LEXI: Large Language Models Experimentation Interface
Guy Laban, Tomer Laban, Hatice Gunes
TL;DR
LEXI addresses a critical gap in HAI research by providing an open-source GUI platform for deploying and controlling LLM-powered agents in social interaction experiments. It enables standardized experiment management, agent construction, and integrated data collection (logs and questionnaires), enhancing reproducibility and cross-disciplinary access. A proof-of-concept study shows empathetic agents are perceived as more social and capable, with positive effects on user mood and engagement, supporting the platform’s validity for behavioral research. The work emphasizes open science and ethical considerations, and outlines a roadmap for future features to broaden methodological control and model diversity, enabling deeper investigations into human-agent interactions.
Abstract
The recent developments in Large Language Models (LLM), mark a significant moment in the research and development of social interactions with artificial agents. These agents are widely deployed in a variety of settings, with potential impact on users. However, the study of social interactions with agents powered by LLM is still emerging, limited by access to the technology and to data, the absence of standardised interfaces, and challenges to establishing controlled experimental setups using the currently available business-oriented platforms.
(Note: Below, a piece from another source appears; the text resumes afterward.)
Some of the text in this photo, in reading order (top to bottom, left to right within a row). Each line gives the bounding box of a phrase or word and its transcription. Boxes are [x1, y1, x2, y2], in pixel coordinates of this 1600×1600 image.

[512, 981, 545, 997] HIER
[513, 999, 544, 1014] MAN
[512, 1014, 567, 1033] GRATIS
To answer these gaps, we developed LEXI, LLMs Experimentation Interface, an open-source tool enabling the deployment of artificial agents powered by LLM in social interaction behavioural experiments. Using a graphical interface, LEXI allows researchers to build agents, and deploy them in experimental setups along with forms and questionnaires while collecting interaction logs and self-reported data. The outcomes of usability testing indicate LEXI's broad utility, high usability and minimum mental workload requirement, with distinctive benefits observed across disciplines. A proof-of-concept study exploring the tool's efficacy in evaluating social HAIs was conducted, resulting in high-quality data. A comparison of empathetic versus neutral agents indicated that people perceive empathetic agents as more social, and write longer and more positive messages towards them.